- DATA SUPPLIED -
_ _ _ _

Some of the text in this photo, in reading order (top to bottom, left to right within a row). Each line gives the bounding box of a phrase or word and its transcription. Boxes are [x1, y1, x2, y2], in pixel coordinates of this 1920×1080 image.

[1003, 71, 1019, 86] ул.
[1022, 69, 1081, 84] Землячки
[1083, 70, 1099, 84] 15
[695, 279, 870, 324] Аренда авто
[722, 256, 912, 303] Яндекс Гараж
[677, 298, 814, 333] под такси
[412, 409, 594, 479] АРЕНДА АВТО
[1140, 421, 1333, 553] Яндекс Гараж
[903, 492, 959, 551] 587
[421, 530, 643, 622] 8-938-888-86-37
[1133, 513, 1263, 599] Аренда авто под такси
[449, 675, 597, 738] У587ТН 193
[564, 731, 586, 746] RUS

_ _ _ _

Reproduce the full set of entries above exactly, without dropping a line.

Some of the text in this photo, in reading order (top to bottom, left to right within a row). Each line gives the bounding box of a phrase or word and its transcription. Boxes are [x1, y1, x2, y2], in pixel coordinates of this 1920×1080 image.

[1003, 71, 1019, 86] ул.
[1022, 69, 1081, 84] Землячки
[1083, 70, 1099, 84] 15
[695, 279, 870, 324] Аренда авто
[722, 256, 912, 303] Яндекс Гараж
[677, 298, 814, 333] под такси
[412, 409, 594, 479] АРЕНДА АВТО
[1140, 421, 1333, 553] Яндекс Гараж
[903, 492, 959, 551] 587
[421, 530, 643, 622] 8-938-888-86-37
[1133, 513, 1263, 599] Аренда авто под такси
[449, 675, 597, 738] У587ТН 193
[564, 731, 586, 746] RUS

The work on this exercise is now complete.